We affirm the ALJ's dismissal of Salsbury's complaint on the untimely filing of his request for a hearing and, therefore, do not need not to determine the issue of waiver
[Page 10]
of sovereign immunity. See Prybys v. Seminole Tribe of Fla., ARB No. 96-064, ALJ No. 95-CAA-096, slip op at 3-4 n.3 (ARB Nov. 27, 1996) (upholding the ALJ's dismissal of a complaint on the basis of timeliness and declining to address the Tribe's argument that sovereign immunity applied). The OSHA determination finding no merit in Salsbury's complaint becomes the final decision of the Department of Labor.
Conclusion
The regulation implementing the ERA requires complainants to file a request for a hearing within five business days of their receipt of OSHA's determination letter. Salsbury did not file his request within the allotted time frame. Further, we find no basis upon which to toll the statute of limitations. Therefore, we DISMISS Salsbury's complaint.
SO ORDERED.
M. CYNTHIA DOUGLASS
Chief Administrative Appeals Judge
DAVID G. DYE
Administrative Appeals Judge
[ENDNOTES]
1 The statute provides, in pertinent part, that "[n]o employer may discharge any employee or otherwise discriminate against any employee with respect to his compensation, terms, conditions, or privileges of employment because the employee" notified a covered employer about an alleged violation of the ERA or the Atomic Energy Act (AEA) (42 U.S.C. § 2011 et seq. (2000)), refused to engage in a practice made unlawful by the ERA or AEA, testified regarding provisions or proposed provisions of the ERA or AEA, or commenced, caused to be commenced or is about to commence or cause to be commenced, or testified, assisted or participated in a proceeding under the ERA or AEA to carry out the purposes of this chapter or the AEA as amended. 42 U.S.C.A. § 5851(a)(1).

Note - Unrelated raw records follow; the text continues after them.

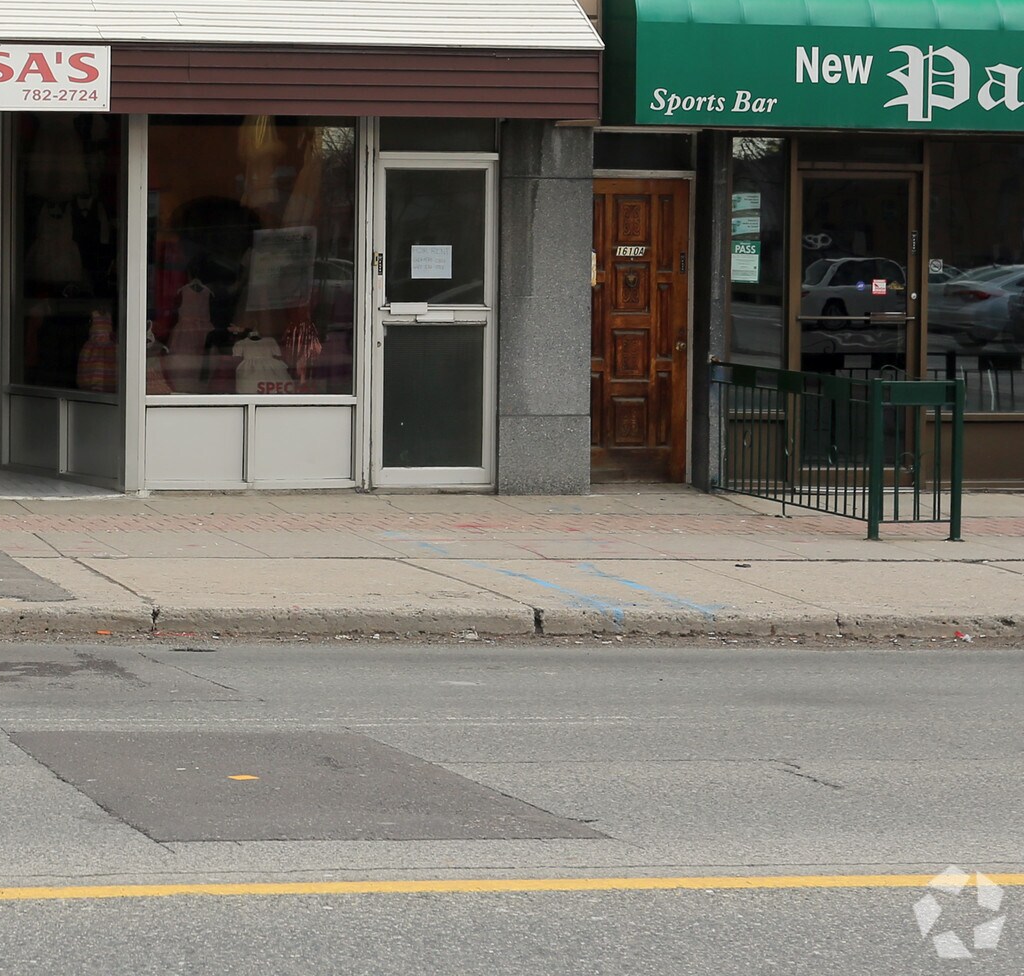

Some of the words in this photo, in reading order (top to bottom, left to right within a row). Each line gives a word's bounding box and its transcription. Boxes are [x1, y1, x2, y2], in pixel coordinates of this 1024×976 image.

[795, 46, 874, 84] New
[22, 89, 98, 101] 782-2724
[650, 87, 726, 116] Sports
[731, 90, 778, 113] Bar
[618, 246, 644, 256] 1610A
[735, 244, 756, 254] PASS
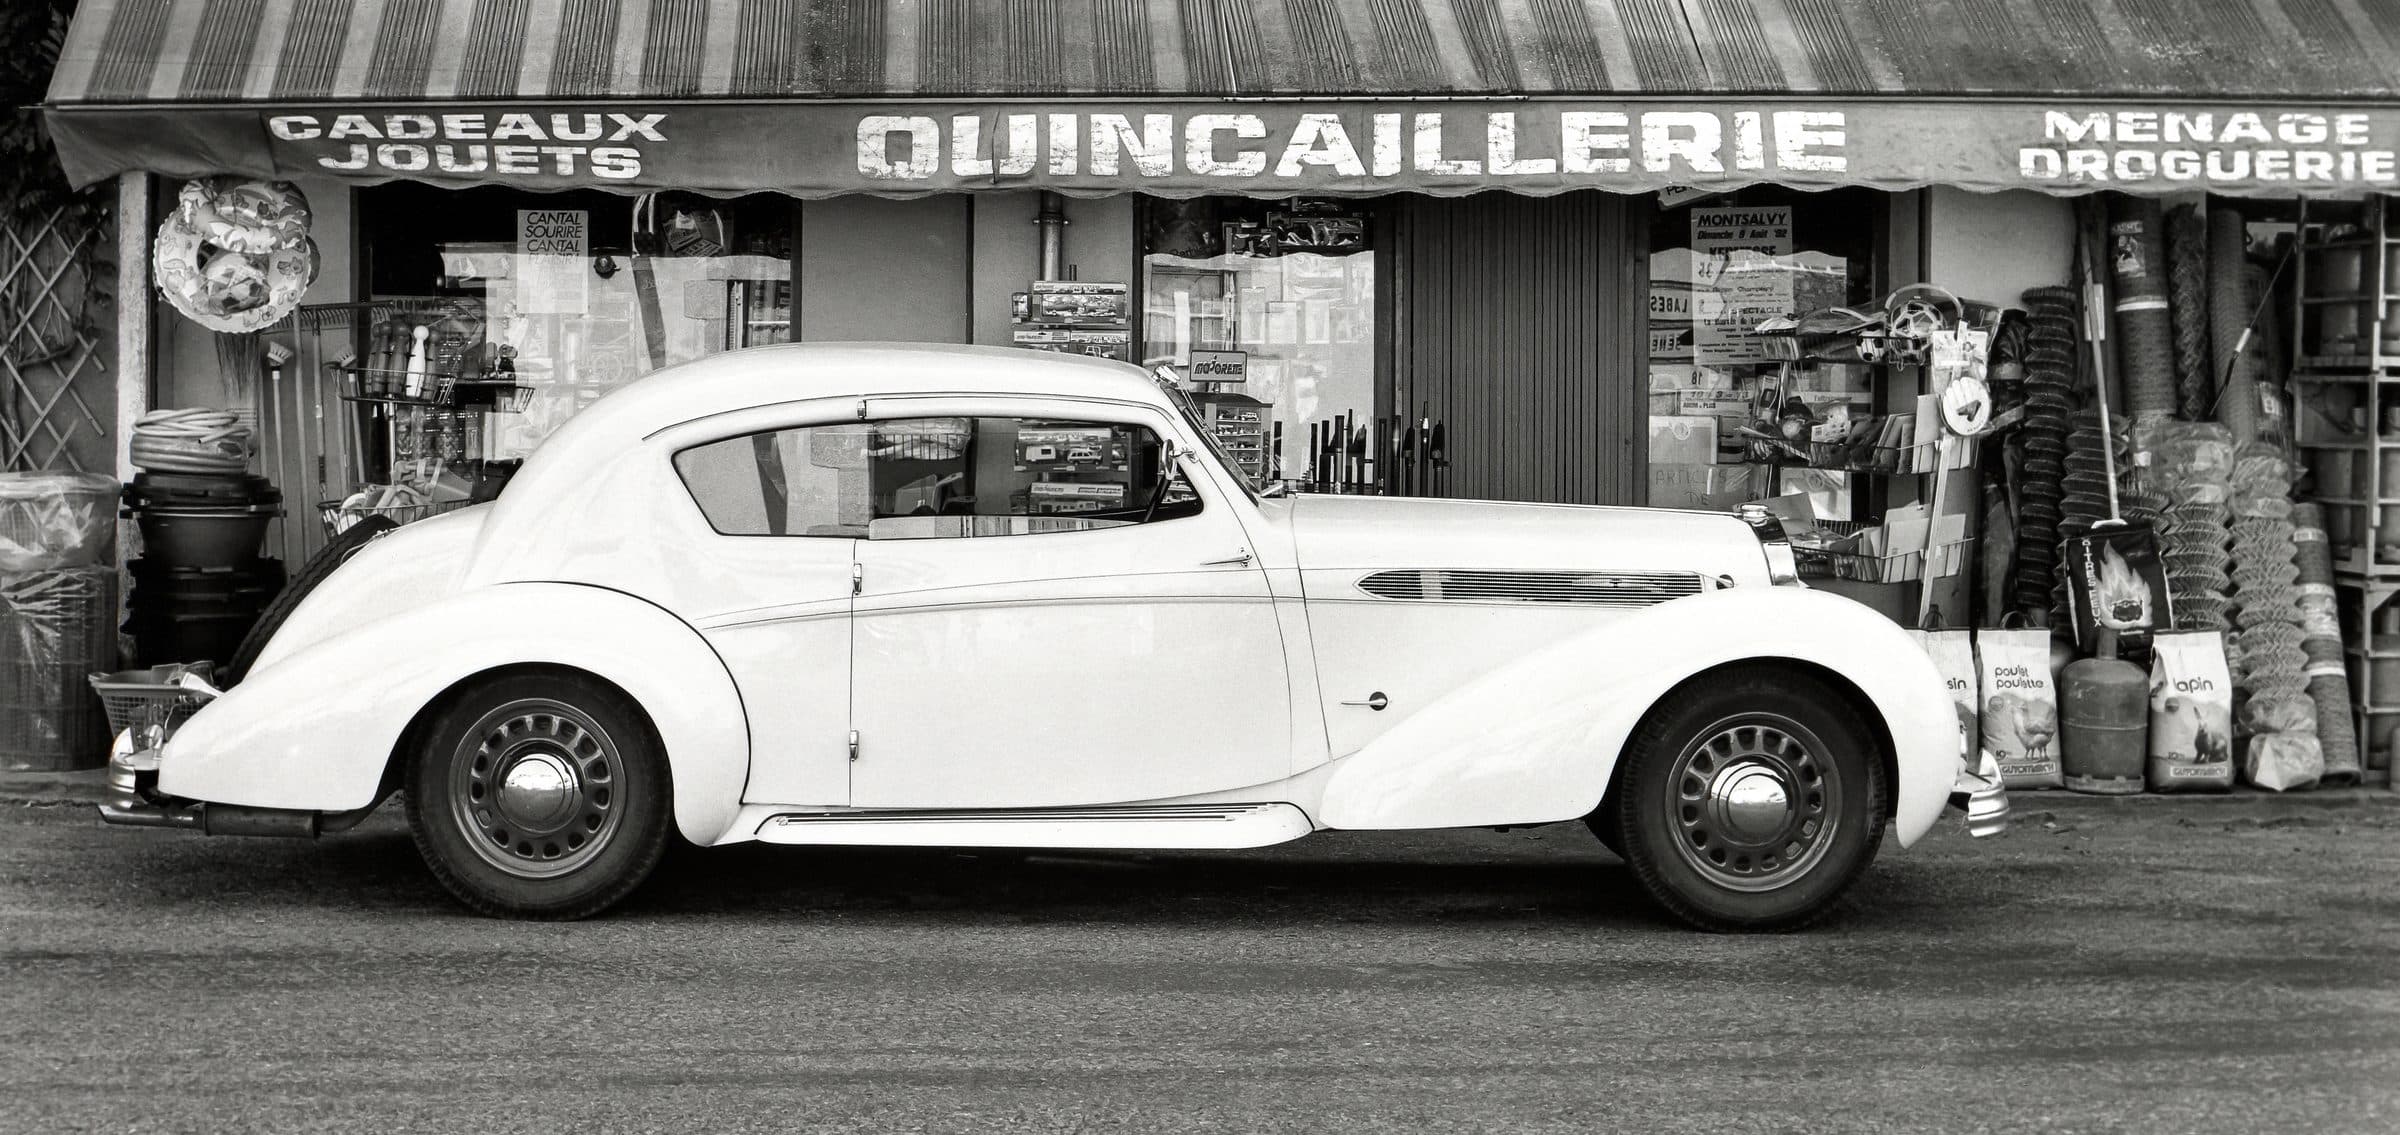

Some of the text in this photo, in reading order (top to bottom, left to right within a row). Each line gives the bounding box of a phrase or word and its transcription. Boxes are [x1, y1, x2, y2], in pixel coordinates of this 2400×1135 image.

[269, 113, 668, 141] CADEAUX
[2045, 110, 2369, 144] MENAGE
[856, 111, 1847, 179] QUINCAILLERIE
[317, 144, 641, 179] JOUETS
[2019, 148, 2395, 181] DROGUERIE
[527, 212, 581, 225] CANTAL
[1697, 212, 1787, 227] MONTSALVY
[525, 225, 583, 238] SOURIRE
[527, 239, 581, 252] CANTAL
[1995, 664, 2029, 678] poulet
[1996, 677, 2044, 690] poulette
[2173, 677, 2213, 693] lapin

2 On March 7, 2003, Salsbury signed a settlement agreement with the Hines VA hospital, which put him on leave without pay status from August 23, 2002, until September 2003; accepted his resignation effective September 1, 2003; and expunged from his personnel file all disciplinary and removal actions. Salsbury agreed to waive "any and all actions, claims, complaints, grievances, appeals, and proceedings of whatever nature" related to "any conduct or act occurring prior to the execution of this Agreement, against the VA, its officers, and employees…."
3 A copy of the letter was sent to the NRC, Salsbury, and the Office of Administrative Law Judges, which marked it received on October 3, 2003.

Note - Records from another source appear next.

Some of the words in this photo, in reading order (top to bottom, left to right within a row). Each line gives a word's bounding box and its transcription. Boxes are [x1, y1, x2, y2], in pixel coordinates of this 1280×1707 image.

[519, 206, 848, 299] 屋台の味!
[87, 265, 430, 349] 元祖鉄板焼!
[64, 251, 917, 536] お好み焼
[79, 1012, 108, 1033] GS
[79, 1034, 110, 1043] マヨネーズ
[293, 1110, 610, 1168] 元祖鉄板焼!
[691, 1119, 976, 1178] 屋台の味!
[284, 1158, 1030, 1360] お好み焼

4 Higgins v. Glen Raven Mills, Inc., ARB No. 05-143, ALJ No. 05-SDW 007, slip op. at 8 (ARB Sept. 29, 2006), citing School District of the City of Allentown v. Marshall, 657 F.2d 16, 19-20 (3d Cir. 1981) (internal quotations omitted).
5 Salsbury does not argue that he filed a timely request for a hearing in the wrong forum or that the VA actively misled him. Nor does he contend that he was ignorant of his rights or lacked actual or constructive notice of those rights. Therefore, we need not address these equitable tolling principles. Reid, slip op. at 8.